━━━ Records supplied
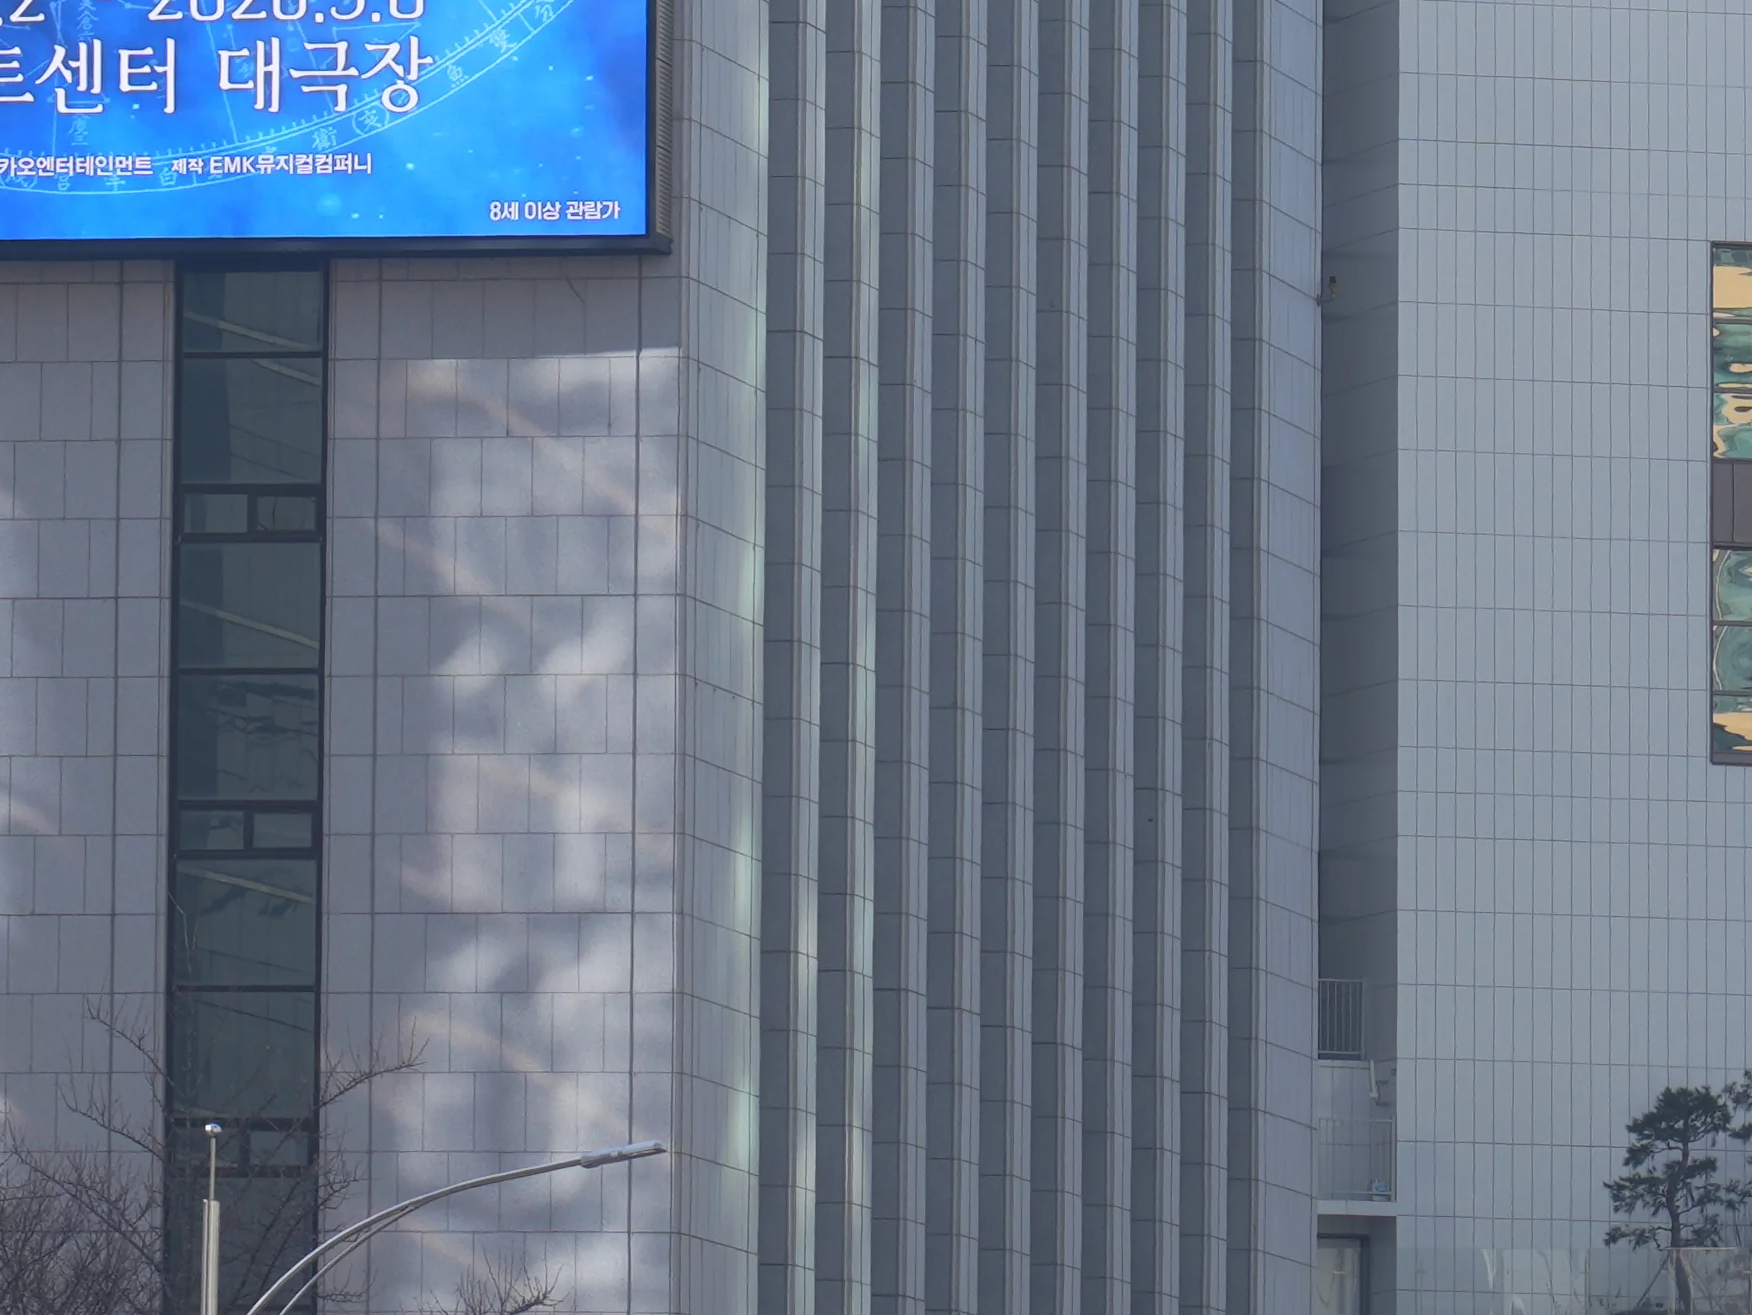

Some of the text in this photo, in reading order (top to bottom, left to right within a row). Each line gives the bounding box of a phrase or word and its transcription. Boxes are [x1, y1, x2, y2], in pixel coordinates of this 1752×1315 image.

[218, 35, 434, 114] 대극장
[171, 157, 205, 175] 제작
[209, 152, 372, 175] EMK뮤지컬컴퍼니
[489, 200, 622, 222] 8세 이상 관람가
━━━━━━
◆ Work request
Your reply must reproduce all of the entries exactly and contain no pictures.

◆ Solution for this exercise
Some of the text in this photo, in reading order (top to bottom, left to right within a row). Each line gives the bounding box of a phrase or word and its transcription. Boxes are [x1, y1, x2, y2], in pixel coordinates of this 1752×1315 image.

[218, 35, 434, 114] 대극장
[171, 157, 205, 175] 제작
[209, 152, 372, 175] EMK뮤지컬컴퍼니
[489, 200, 622, 222] 8세 이상 관람가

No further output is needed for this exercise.